Dataset entries
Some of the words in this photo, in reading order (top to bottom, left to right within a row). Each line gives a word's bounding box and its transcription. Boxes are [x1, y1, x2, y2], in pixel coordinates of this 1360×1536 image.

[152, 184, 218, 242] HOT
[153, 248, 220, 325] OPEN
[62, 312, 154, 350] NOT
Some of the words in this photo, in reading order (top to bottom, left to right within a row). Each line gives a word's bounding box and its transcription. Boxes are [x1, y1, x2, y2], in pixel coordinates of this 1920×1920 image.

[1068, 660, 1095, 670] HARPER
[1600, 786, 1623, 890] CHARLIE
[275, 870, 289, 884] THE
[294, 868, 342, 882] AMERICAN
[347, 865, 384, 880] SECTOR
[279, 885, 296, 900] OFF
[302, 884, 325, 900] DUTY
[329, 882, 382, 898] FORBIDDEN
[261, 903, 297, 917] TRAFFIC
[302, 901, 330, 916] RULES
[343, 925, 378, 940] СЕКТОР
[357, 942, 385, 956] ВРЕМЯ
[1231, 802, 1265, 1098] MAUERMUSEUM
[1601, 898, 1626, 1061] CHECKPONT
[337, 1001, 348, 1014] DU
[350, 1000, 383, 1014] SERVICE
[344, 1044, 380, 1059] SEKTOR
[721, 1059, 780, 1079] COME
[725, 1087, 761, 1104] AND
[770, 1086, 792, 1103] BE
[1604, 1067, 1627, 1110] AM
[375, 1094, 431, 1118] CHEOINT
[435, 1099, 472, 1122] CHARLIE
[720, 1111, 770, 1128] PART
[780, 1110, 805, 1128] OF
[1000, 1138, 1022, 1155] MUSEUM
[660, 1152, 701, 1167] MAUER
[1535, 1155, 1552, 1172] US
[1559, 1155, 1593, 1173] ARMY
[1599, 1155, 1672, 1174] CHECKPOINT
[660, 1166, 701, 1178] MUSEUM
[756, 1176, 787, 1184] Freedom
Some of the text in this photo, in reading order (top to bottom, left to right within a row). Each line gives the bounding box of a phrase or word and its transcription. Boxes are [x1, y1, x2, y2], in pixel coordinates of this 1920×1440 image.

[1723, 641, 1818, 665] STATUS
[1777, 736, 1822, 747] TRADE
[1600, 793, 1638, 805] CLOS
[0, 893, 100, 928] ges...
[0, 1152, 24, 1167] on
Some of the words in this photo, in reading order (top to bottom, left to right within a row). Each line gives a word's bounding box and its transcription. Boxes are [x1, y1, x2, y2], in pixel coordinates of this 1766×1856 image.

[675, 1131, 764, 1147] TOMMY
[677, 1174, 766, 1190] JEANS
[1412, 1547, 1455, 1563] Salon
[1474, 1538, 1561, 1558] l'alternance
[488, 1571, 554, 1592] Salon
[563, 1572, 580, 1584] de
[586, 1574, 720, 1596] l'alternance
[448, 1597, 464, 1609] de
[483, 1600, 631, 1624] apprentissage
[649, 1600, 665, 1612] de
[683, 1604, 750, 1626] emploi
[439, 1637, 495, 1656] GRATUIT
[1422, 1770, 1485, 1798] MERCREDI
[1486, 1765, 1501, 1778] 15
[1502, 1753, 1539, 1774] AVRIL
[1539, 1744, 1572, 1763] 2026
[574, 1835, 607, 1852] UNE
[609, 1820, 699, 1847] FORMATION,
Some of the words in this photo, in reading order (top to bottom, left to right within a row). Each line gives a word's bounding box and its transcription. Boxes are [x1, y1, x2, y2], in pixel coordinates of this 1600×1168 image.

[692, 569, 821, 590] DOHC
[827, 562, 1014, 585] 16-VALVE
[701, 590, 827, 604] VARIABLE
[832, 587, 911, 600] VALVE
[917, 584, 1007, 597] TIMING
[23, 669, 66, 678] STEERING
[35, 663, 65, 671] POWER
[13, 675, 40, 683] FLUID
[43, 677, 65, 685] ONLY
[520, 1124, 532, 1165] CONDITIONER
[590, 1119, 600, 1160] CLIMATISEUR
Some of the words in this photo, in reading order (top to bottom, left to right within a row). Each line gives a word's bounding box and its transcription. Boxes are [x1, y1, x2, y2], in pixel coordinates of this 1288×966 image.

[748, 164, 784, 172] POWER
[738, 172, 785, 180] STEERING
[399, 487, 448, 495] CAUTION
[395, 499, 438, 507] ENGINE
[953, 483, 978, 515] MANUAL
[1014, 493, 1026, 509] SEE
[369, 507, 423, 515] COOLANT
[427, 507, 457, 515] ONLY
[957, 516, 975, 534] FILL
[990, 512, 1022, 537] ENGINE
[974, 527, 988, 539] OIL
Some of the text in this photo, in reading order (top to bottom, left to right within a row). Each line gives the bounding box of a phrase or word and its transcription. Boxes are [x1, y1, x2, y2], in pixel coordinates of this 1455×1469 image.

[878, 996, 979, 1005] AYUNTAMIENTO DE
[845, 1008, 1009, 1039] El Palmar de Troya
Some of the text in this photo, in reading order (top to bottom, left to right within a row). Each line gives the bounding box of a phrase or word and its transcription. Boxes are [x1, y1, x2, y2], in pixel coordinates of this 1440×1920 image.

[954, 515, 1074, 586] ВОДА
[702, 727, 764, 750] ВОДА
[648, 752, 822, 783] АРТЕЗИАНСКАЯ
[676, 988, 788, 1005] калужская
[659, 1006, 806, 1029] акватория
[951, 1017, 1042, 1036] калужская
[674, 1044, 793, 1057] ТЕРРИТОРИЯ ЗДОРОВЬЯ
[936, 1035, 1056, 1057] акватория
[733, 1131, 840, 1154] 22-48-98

◆ Work instructions ◆
The entries above must be returned in full, exactly as shown.

◆ Task response ◆
Some of the words in this photo, in reading order (top to bottom, left to right within a row). Each line gives a word's bounding box and its transcription. Boxes are [x1, y1, x2, y2], in pixel coordinates of this 1360×1536 image.

[152, 184, 218, 242] HOT
[153, 248, 220, 325] OPEN
[62, 312, 154, 350] NOT
Some of the words in this photo, in reading order (top to bottom, left to right within a row). Each line gives a word's bounding box and its transcription. Boxes are [x1, y1, x2, y2], in pixel coordinates of this 1920×1920 image.

[1068, 660, 1095, 670] HARPER
[1600, 786, 1623, 890] CHARLIE
[275, 870, 289, 884] THE
[294, 868, 342, 882] AMERICAN
[347, 865, 384, 880] SECTOR
[279, 885, 296, 900] OFF
[302, 884, 325, 900] DUTY
[329, 882, 382, 898] FORBIDDEN
[261, 903, 297, 917] TRAFFIC
[302, 901, 330, 916] RULES
[343, 925, 378, 940] СЕКТОР
[357, 942, 385, 956] ВРЕМЯ
[1231, 802, 1265, 1098] MAUERMUSEUM
[1601, 898, 1626, 1061] CHECKPONT
[337, 1001, 348, 1014] DU
[350, 1000, 383, 1014] SERVICE
[344, 1044, 380, 1059] SEKTOR
[721, 1059, 780, 1079] COME
[725, 1087, 761, 1104] AND
[770, 1086, 792, 1103] BE
[1604, 1067, 1627, 1110] AM
[375, 1094, 431, 1118] CHEOINT
[435, 1099, 472, 1122] CHARLIE
[720, 1111, 770, 1128] PART
[780, 1110, 805, 1128] OF
[1000, 1138, 1022, 1155] MUSEUM
[660, 1152, 701, 1167] MAUER
[1535, 1155, 1552, 1172] US
[1559, 1155, 1593, 1173] ARMY
[1599, 1155, 1672, 1174] CHECKPOINT
[660, 1166, 701, 1178] MUSEUM
[756, 1176, 787, 1184] Freedom
Some of the text in this photo, in reading order (top to bottom, left to right within a row). Each line gives the bounding box of a phrase or word and its transcription. Boxes are [x1, y1, x2, y2], in pixel coordinates of this 1920×1440 image.

[1723, 641, 1818, 665] STATUS
[1777, 736, 1822, 747] TRADE
[1600, 793, 1638, 805] CLOS
[0, 893, 100, 928] ges...
[0, 1152, 24, 1167] on
Some of the words in this photo, in reading order (top to bottom, left to right within a row). Each line gives a word's bounding box and its transcription. Boxes are [x1, y1, x2, y2], in pixel coordinates of this 1766×1856 image.

[675, 1131, 764, 1147] TOMMY
[677, 1174, 766, 1190] JEANS
[1412, 1547, 1455, 1563] Salon
[1474, 1538, 1561, 1558] l'alternance
[488, 1571, 554, 1592] Salon
[563, 1572, 580, 1584] de
[586, 1574, 720, 1596] l'alternance
[448, 1597, 464, 1609] de
[483, 1600, 631, 1624] apprentissage
[649, 1600, 665, 1612] de
[683, 1604, 750, 1626] emploi
[439, 1637, 495, 1656] GRATUIT
[1422, 1770, 1485, 1798] MERCREDI
[1486, 1765, 1501, 1778] 15
[1502, 1753, 1539, 1774] AVRIL
[1539, 1744, 1572, 1763] 2026
[574, 1835, 607, 1852] UNE
[609, 1820, 699, 1847] FORMATION,
Some of the words in this photo, in reading order (top to bottom, left to right within a row). Each line gives a word's bounding box and its transcription. Boxes are [x1, y1, x2, y2], in pixel coordinates of this 1600×1168 image.

[692, 569, 821, 590] DOHC
[827, 562, 1014, 585] 16-VALVE
[701, 590, 827, 604] VARIABLE
[832, 587, 911, 600] VALVE
[917, 584, 1007, 597] TIMING
[23, 669, 66, 678] STEERING
[35, 663, 65, 671] POWER
[13, 675, 40, 683] FLUID
[43, 677, 65, 685] ONLY
[520, 1124, 532, 1165] CONDITIONER
[590, 1119, 600, 1160] CLIMATISEUR
Some of the words in this photo, in reading order (top to bottom, left to right within a row). Each line gives a word's bounding box and its transcription. Boxes are [x1, y1, x2, y2], in pixel coordinates of this 1288×966 image.

[748, 164, 784, 172] POWER
[738, 172, 785, 180] STEERING
[399, 487, 448, 495] CAUTION
[395, 499, 438, 507] ENGINE
[953, 483, 978, 515] MANUAL
[1014, 493, 1026, 509] SEE
[369, 507, 423, 515] COOLANT
[427, 507, 457, 515] ONLY
[957, 516, 975, 534] FILL
[990, 512, 1022, 537] ENGINE
[974, 527, 988, 539] OIL
Some of the text in this photo, in reading order (top to bottom, left to right within a row). Each line gives the bounding box of a phrase or word and its transcription. Boxes are [x1, y1, x2, y2], in pixel coordinates of this 1455×1469 image.

[878, 996, 979, 1005] AYUNTAMIENTO DE
[845, 1008, 1009, 1039] El Palmar de Troya
Some of the text in this photo, in reading order (top to bottom, left to right within a row). Each line gives the bounding box of a phrase or word and its transcription. Boxes are [x1, y1, x2, y2], in pixel coordinates of this 1440×1920 image.

[954, 515, 1074, 586] ВОДА
[702, 727, 764, 750] ВОДА
[648, 752, 822, 783] АРТЕЗИАНСКАЯ
[676, 988, 788, 1005] калужская
[659, 1006, 806, 1029] акватория
[951, 1017, 1042, 1036] калужская
[674, 1044, 793, 1057] ТЕРРИТОРИЯ ЗДОРОВЬЯ
[936, 1035, 1056, 1057] акватория
[733, 1131, 840, 1154] 22-48-98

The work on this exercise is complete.